** Opening DATA EXTRACTS block **

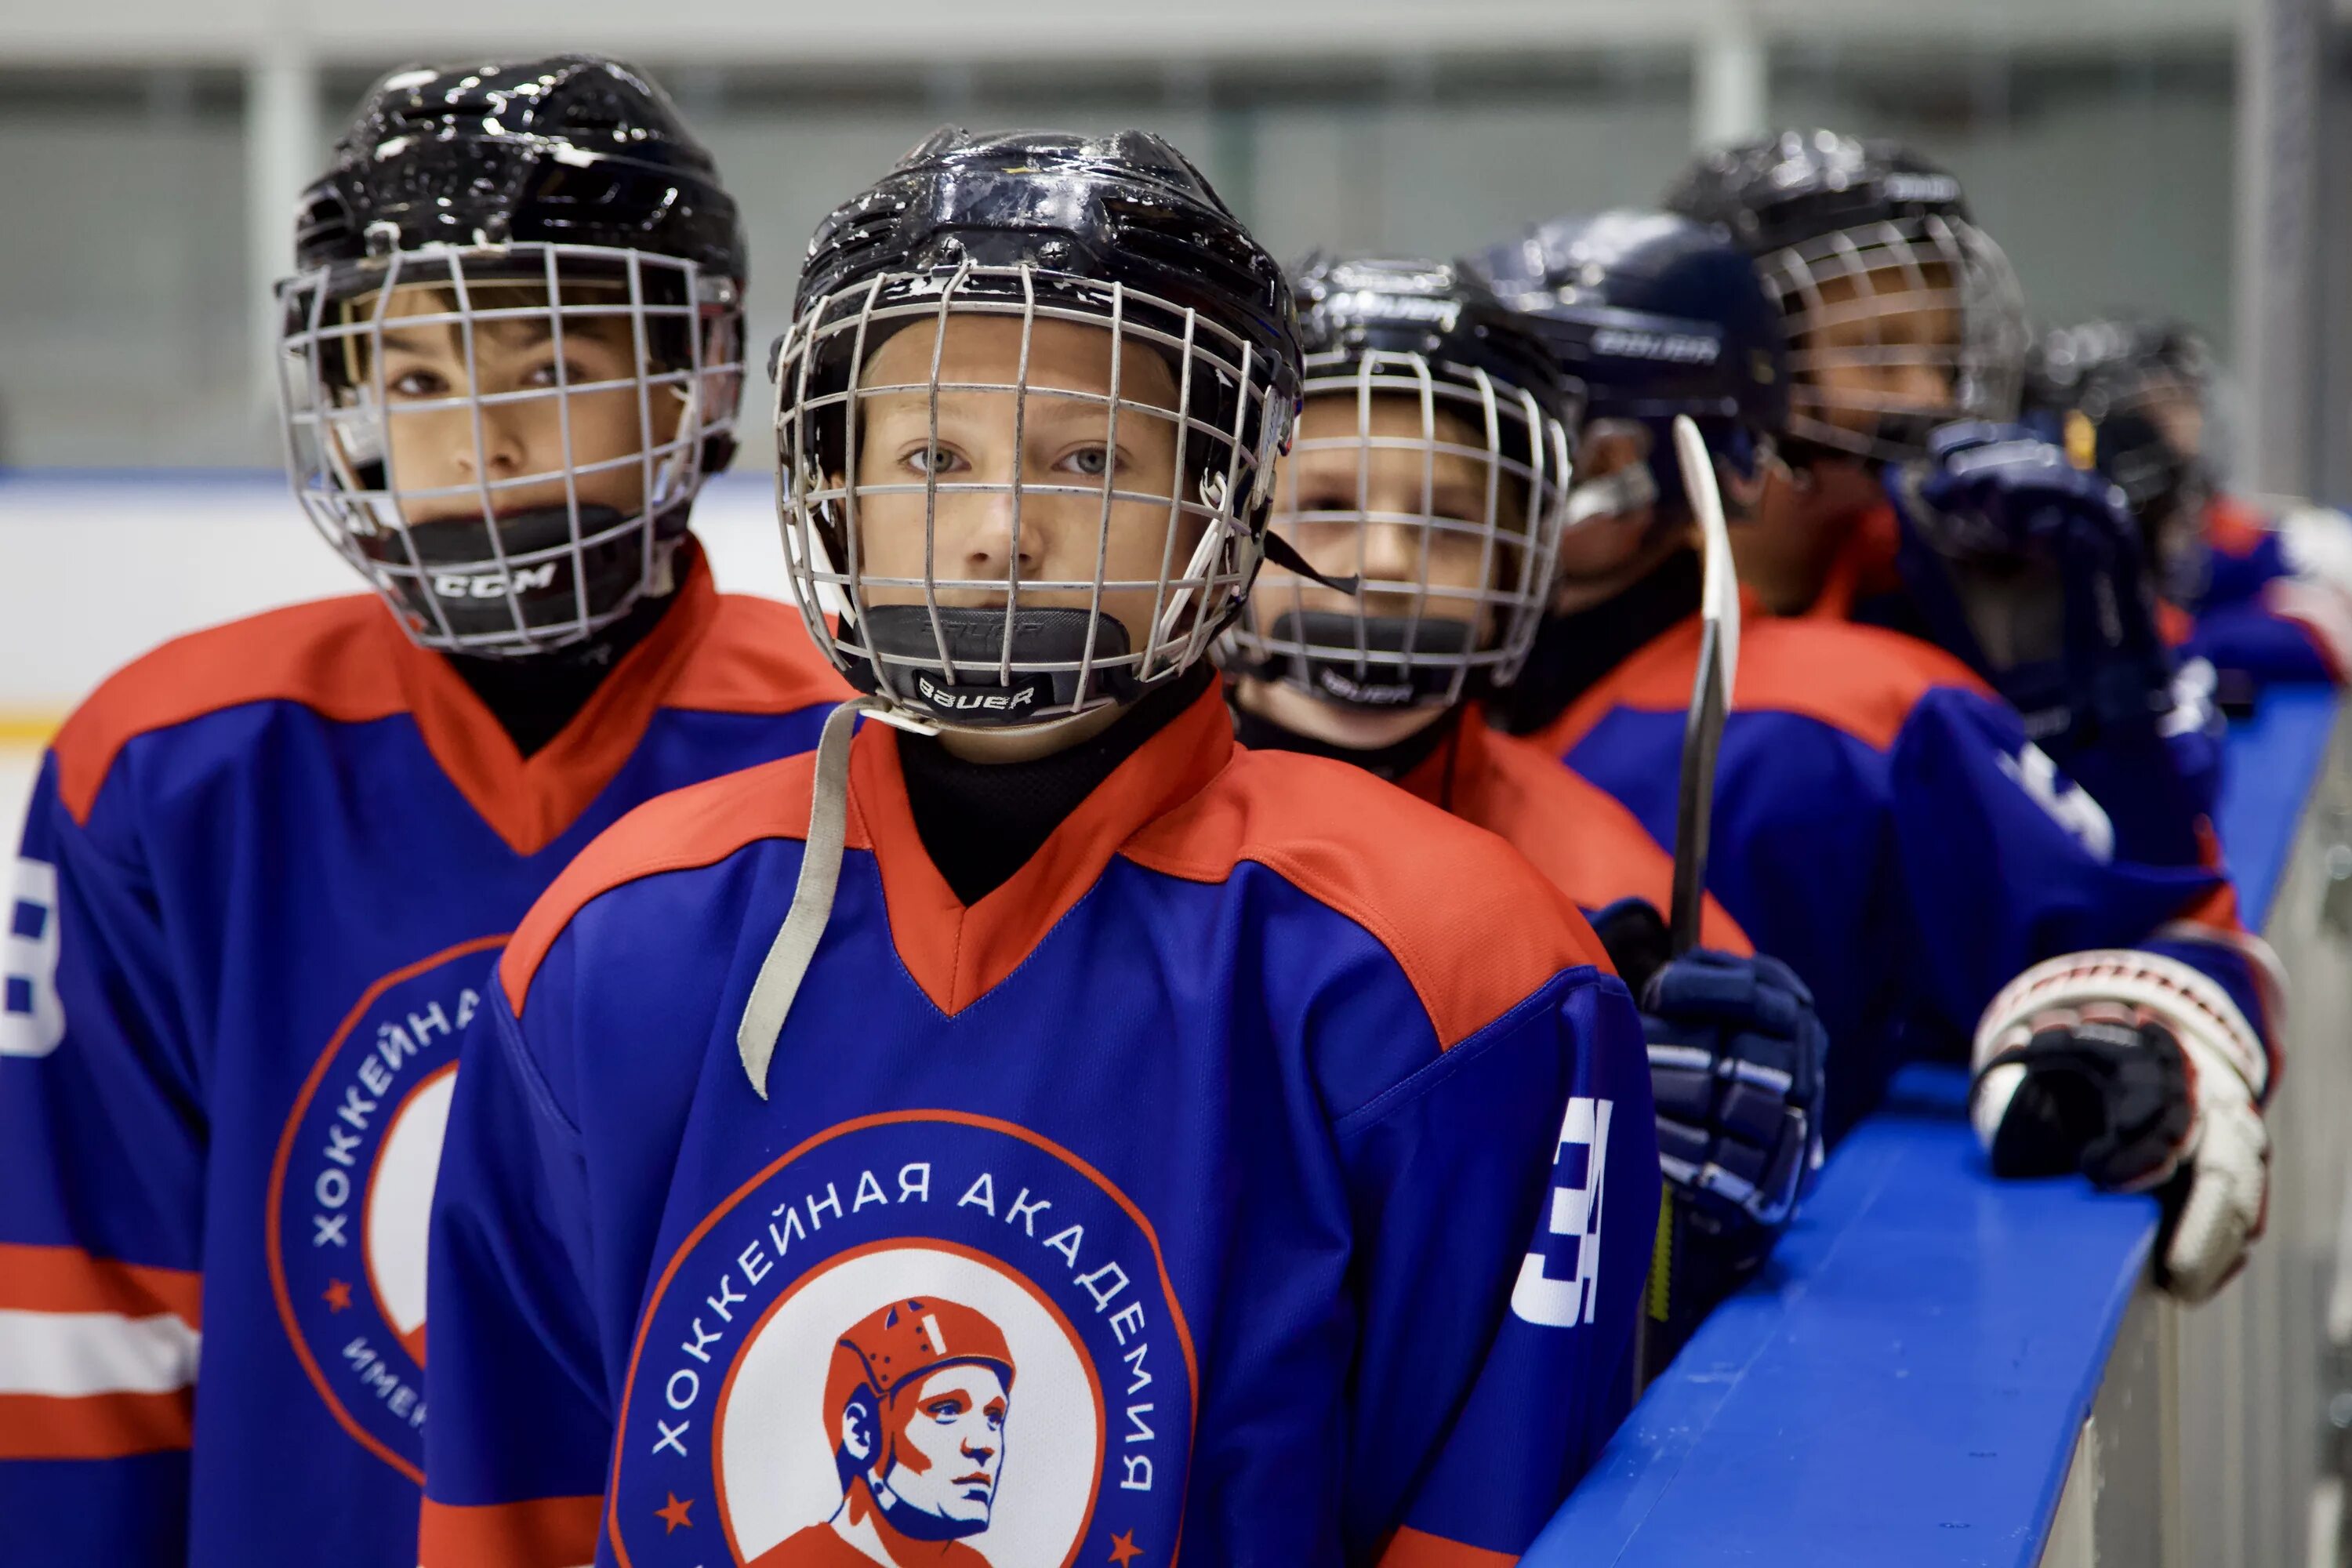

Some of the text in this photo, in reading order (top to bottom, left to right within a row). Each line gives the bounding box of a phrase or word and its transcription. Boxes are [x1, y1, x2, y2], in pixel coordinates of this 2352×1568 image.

[1327, 291, 1462, 324] UER
[435, 561, 557, 598] CCM
[919, 677, 1035, 710] BAUER
[652, 1163, 1155, 1491] ХОККЕЙНАЯ АКАДЕМИЯ

** Closing DATA EXTRACTS block **

EXERCISE INSTRUCTIONS: Print each record exactly as it stands, leaving the images out.

PROBLEM SOLUTION:
Some of the text in this photo, in reading order (top to bottom, left to right within a row). Each line gives the bounding box of a phrase or word and its transcription. Boxes are [x1, y1, x2, y2], in pixel coordinates of this 2352×1568 image.

[1327, 291, 1462, 324] UER
[435, 561, 557, 598] CCM
[919, 677, 1035, 710] BAUER
[652, 1163, 1155, 1491] ХОККЕЙНАЯ АКАДЕМИЯ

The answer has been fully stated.